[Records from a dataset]
►

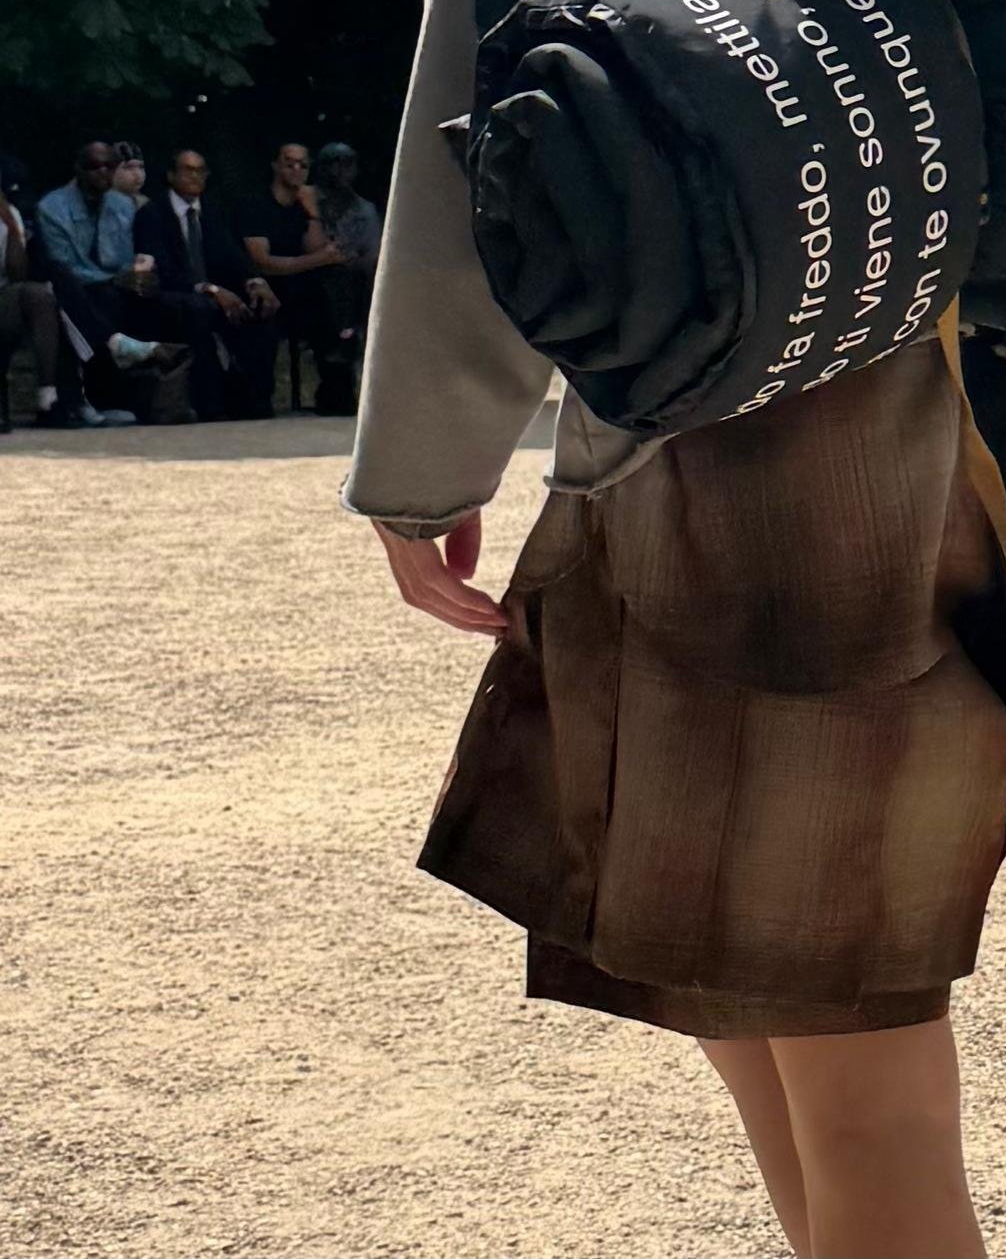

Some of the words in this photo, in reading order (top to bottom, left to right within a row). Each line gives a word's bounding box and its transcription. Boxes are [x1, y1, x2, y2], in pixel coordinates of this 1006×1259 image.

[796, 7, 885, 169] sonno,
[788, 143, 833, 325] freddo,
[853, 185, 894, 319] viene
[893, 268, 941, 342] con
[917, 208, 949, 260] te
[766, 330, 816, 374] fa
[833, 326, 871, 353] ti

◄

* _To do_
Leave out the images and repeat the rest of the data word for word.

* _Answer to this exercise_
Some of the words in this photo, in reading order (top to bottom, left to right within a row). Each line gives a word's bounding box and its transcription. Boxes are [x1, y1, x2, y2], in pixel coordinates of this 1006×1259 image.

[796, 7, 885, 169] sonno,
[788, 143, 833, 325] freddo,
[853, 185, 894, 319] viene
[893, 268, 941, 342] con
[917, 208, 949, 260] te
[766, 330, 816, 374] fa
[833, 326, 871, 353] ti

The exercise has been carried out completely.